Stored data entries:
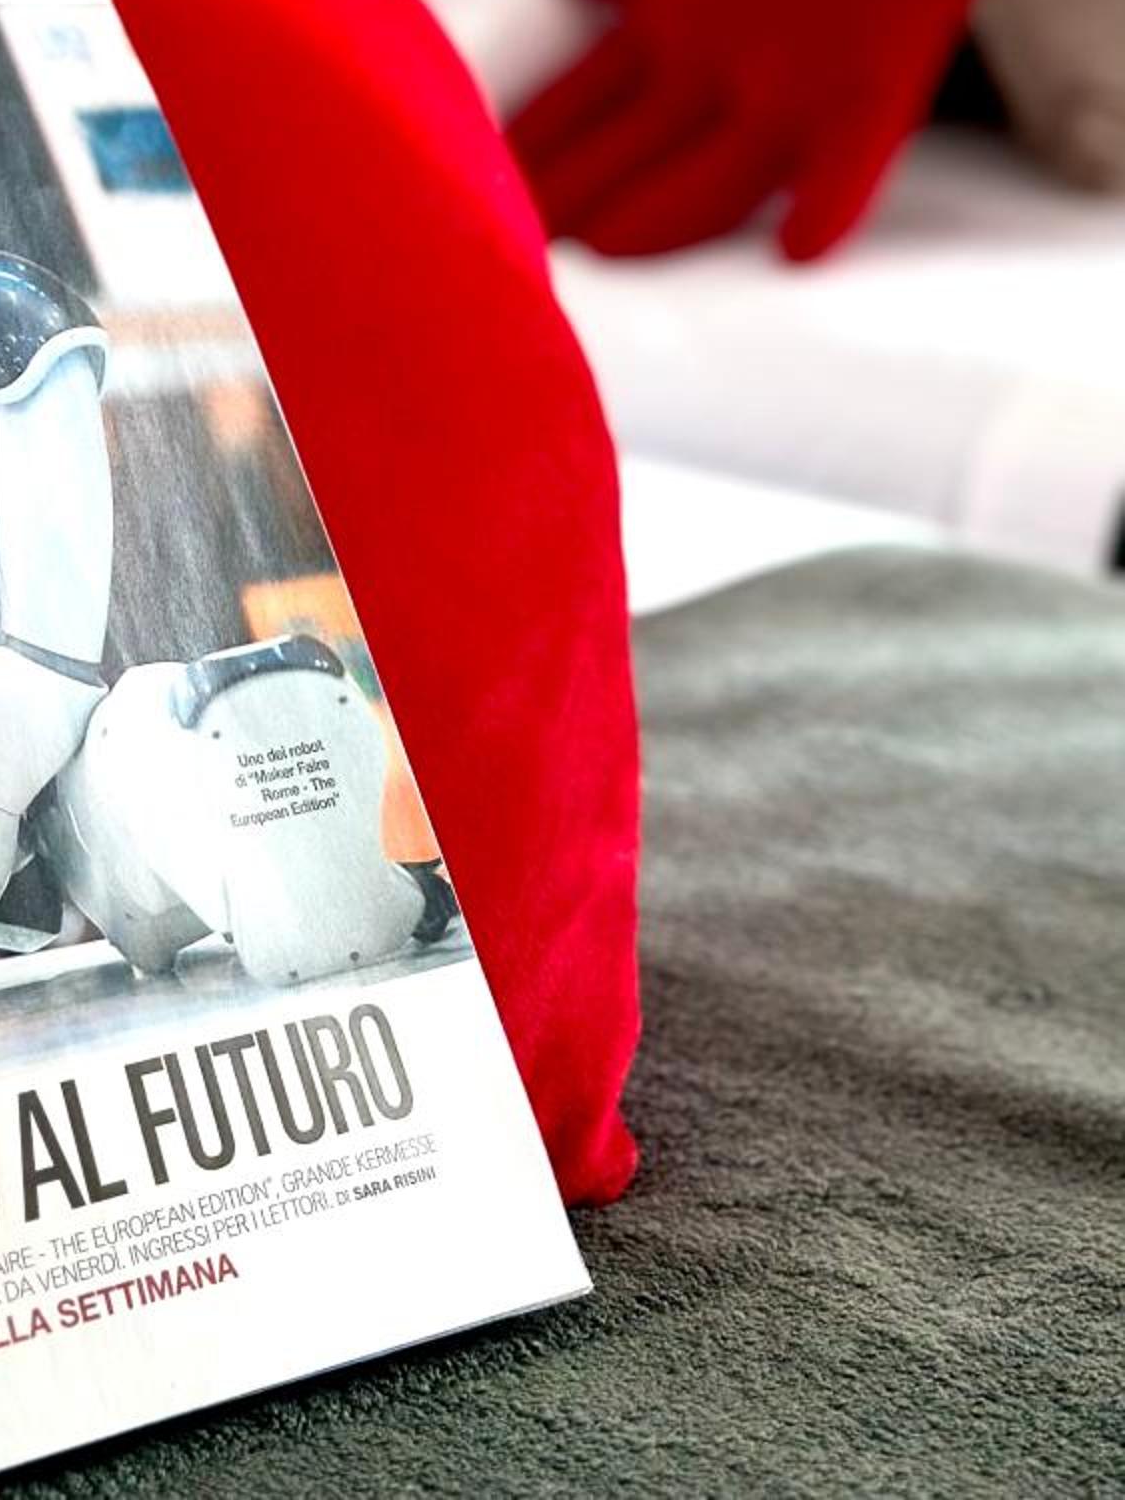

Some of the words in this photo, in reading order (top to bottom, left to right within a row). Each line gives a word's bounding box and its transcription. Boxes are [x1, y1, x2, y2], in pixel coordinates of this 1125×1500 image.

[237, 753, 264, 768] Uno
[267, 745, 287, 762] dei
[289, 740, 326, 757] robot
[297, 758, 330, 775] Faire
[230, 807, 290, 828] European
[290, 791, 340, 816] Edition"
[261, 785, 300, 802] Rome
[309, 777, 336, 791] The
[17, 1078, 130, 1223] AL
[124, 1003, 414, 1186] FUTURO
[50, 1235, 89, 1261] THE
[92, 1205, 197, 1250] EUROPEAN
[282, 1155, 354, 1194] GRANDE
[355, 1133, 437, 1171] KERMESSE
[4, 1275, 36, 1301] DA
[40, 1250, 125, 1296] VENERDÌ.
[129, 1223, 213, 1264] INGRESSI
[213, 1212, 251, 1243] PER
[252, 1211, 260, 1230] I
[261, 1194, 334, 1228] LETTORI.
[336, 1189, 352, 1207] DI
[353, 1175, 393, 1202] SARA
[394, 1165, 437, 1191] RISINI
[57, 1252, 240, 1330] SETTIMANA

Exercise requirements:
Produce a verbatim copy of all records, minus pictures.

Problem solution:
Some of the words in this photo, in reading order (top to bottom, left to right within a row). Each line gives a word's bounding box and its transcription. Boxes are [x1, y1, x2, y2], in pixel coordinates of this 1125×1500 image.

[237, 753, 264, 768] Uno
[267, 745, 287, 762] dei
[289, 740, 326, 757] robot
[297, 758, 330, 775] Faire
[230, 807, 290, 828] European
[290, 791, 340, 816] Edition"
[261, 785, 300, 802] Rome
[309, 777, 336, 791] The
[17, 1078, 130, 1223] AL
[124, 1003, 414, 1186] FUTURO
[50, 1235, 89, 1261] THE
[92, 1205, 197, 1250] EUROPEAN
[282, 1155, 354, 1194] GRANDE
[355, 1133, 437, 1171] KERMESSE
[4, 1275, 36, 1301] DA
[40, 1250, 125, 1296] VENERDÌ.
[129, 1223, 213, 1264] INGRESSI
[213, 1212, 251, 1243] PER
[252, 1211, 260, 1230] I
[261, 1194, 334, 1228] LETTORI.
[336, 1189, 352, 1207] DI
[353, 1175, 393, 1202] SARA
[394, 1165, 437, 1191] RISINI
[57, 1252, 240, 1330] SETTIMANA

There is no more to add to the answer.